_BRIEF_
A faithful copy of the data, pictures omitted, is the required answer.

++++ GIVEN RECORDS ++++

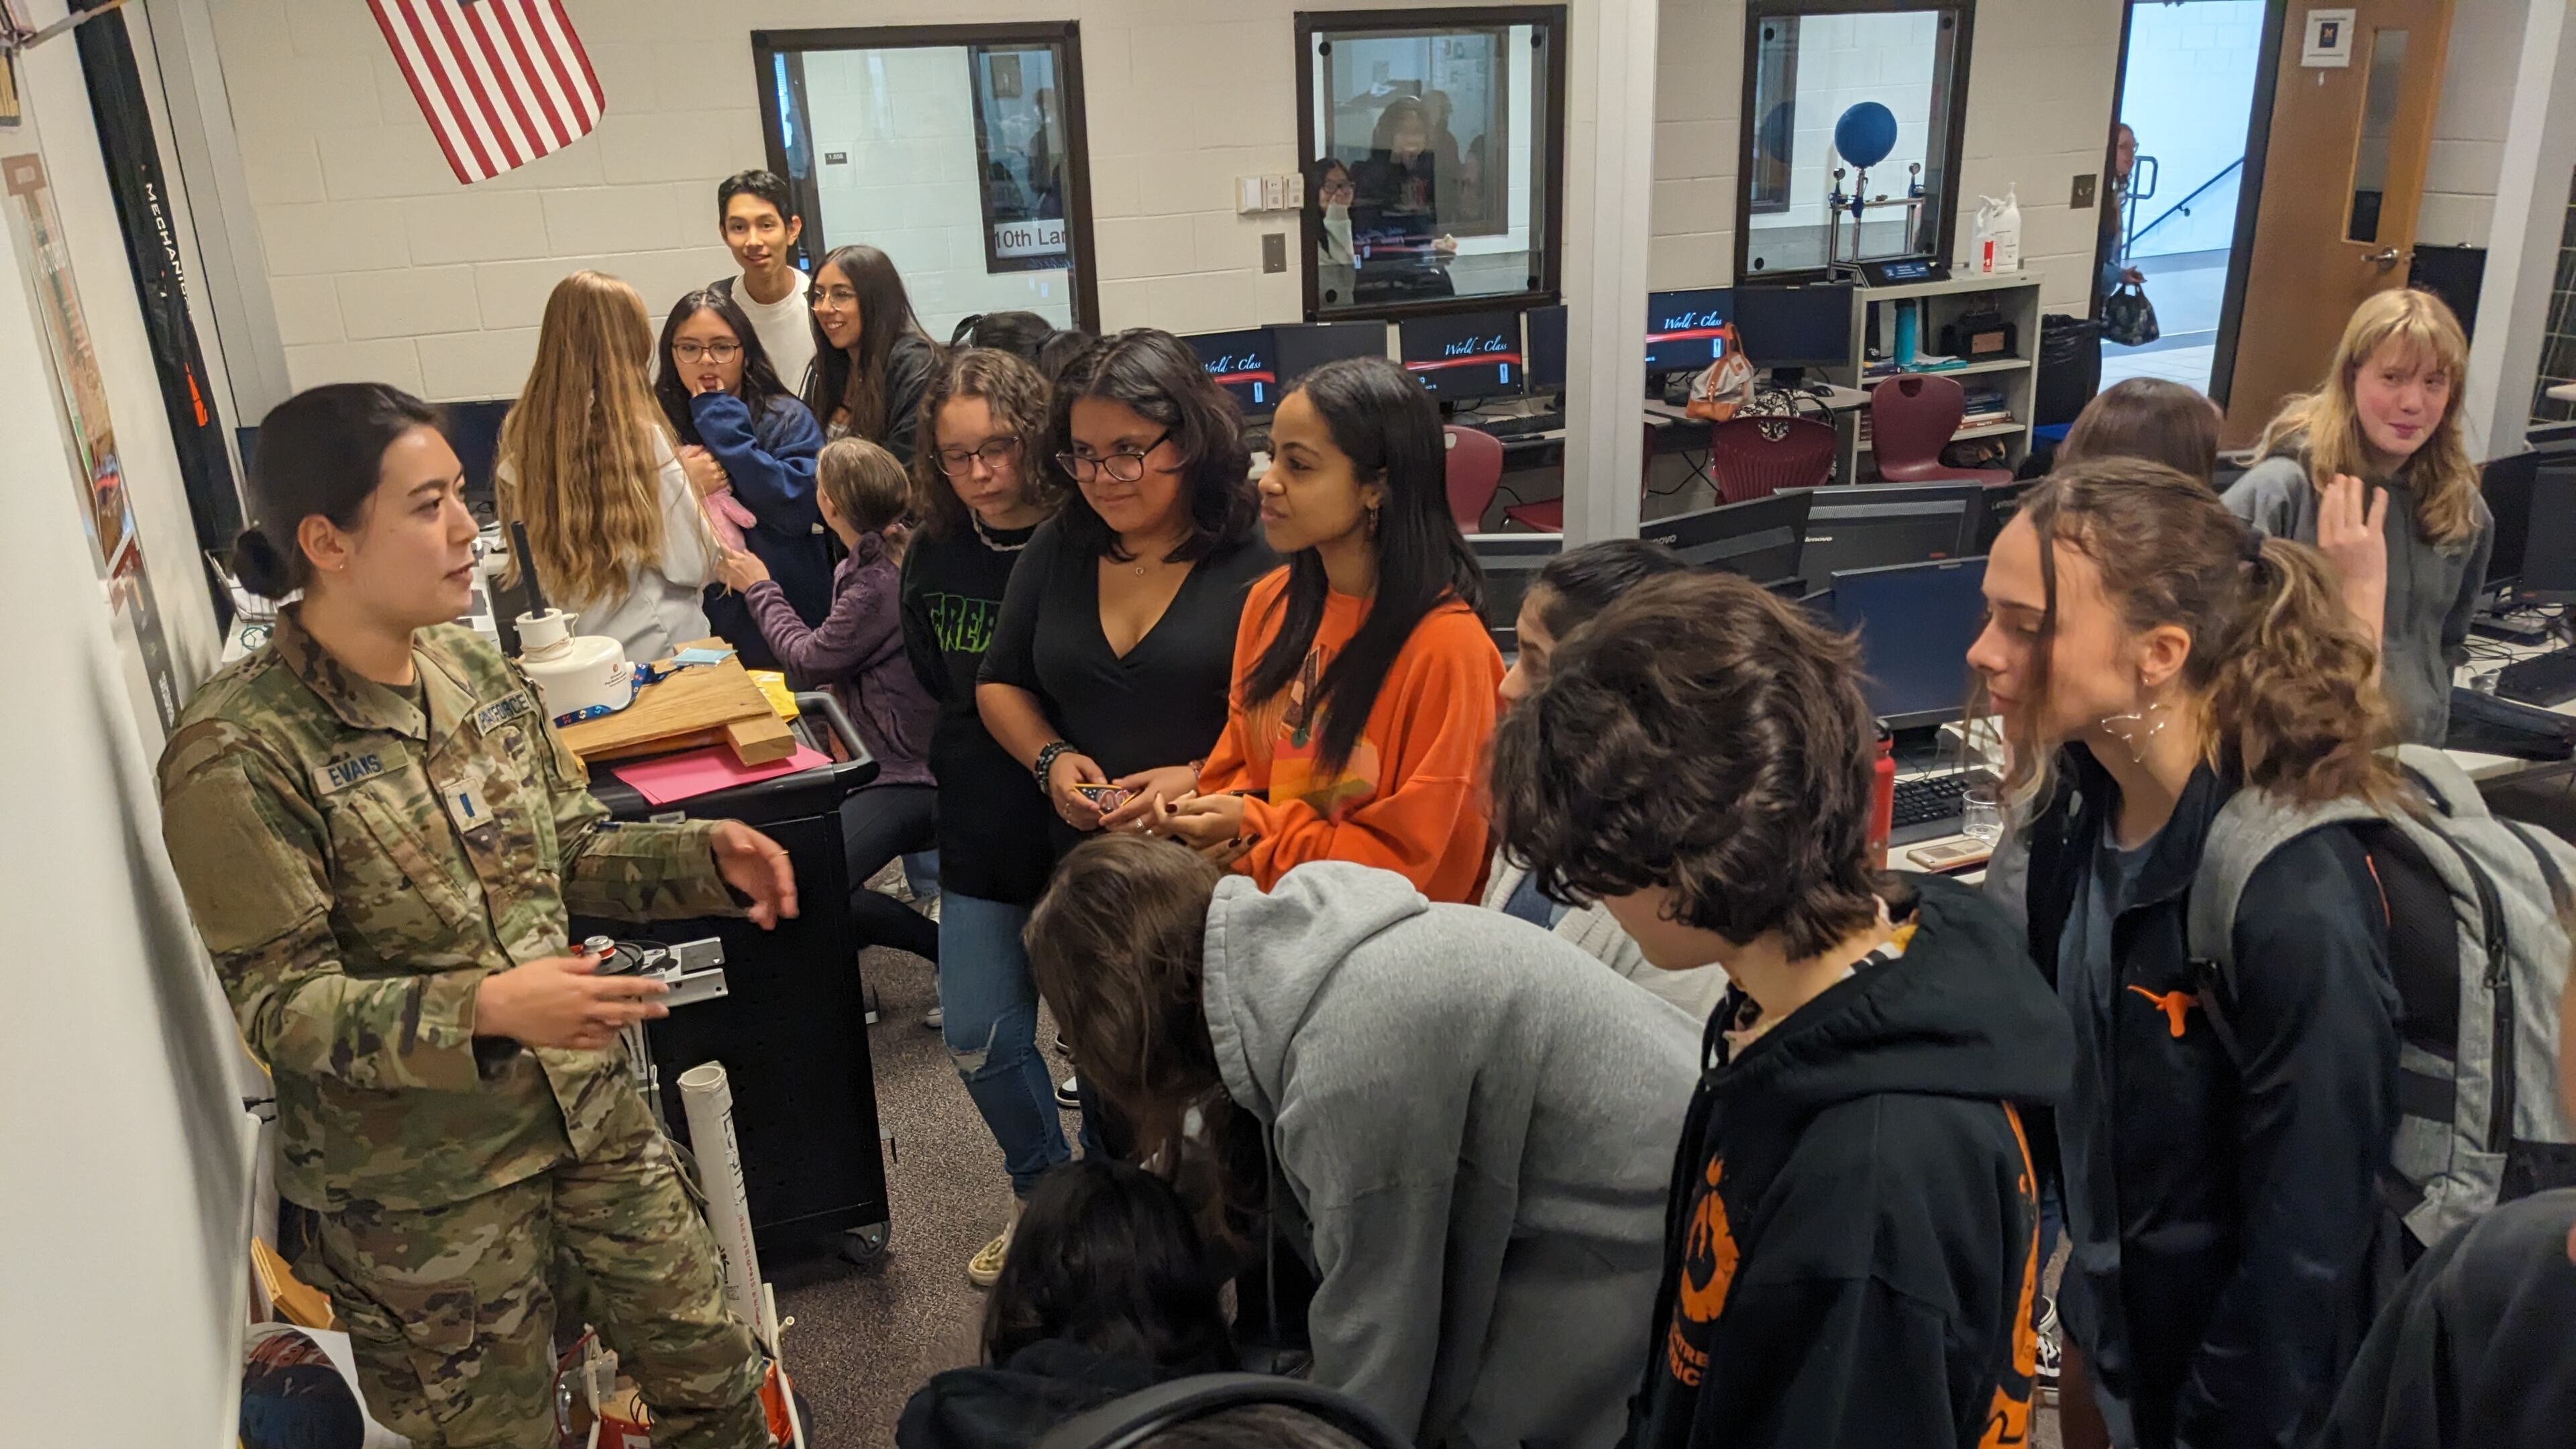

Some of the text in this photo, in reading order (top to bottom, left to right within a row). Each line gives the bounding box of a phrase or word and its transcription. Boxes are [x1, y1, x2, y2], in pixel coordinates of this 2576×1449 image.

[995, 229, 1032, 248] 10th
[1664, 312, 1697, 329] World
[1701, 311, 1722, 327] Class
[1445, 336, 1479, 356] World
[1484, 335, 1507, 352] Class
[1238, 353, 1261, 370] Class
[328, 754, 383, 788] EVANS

++++

_RESPONSE TO THIS EXERCISE_
Some of the text in this photo, in reading order (top to bottom, left to right within a row). Each line gives the bounding box of a phrase or word and its transcription. Boxes are [x1, y1, x2, y2], in pixel coordinates of this 2576×1449 image.

[995, 229, 1032, 248] 10th
[1664, 312, 1697, 329] World
[1701, 311, 1722, 327] Class
[1445, 336, 1479, 356] World
[1484, 335, 1507, 352] Class
[1238, 353, 1261, 370] Class
[328, 754, 383, 788] EVANS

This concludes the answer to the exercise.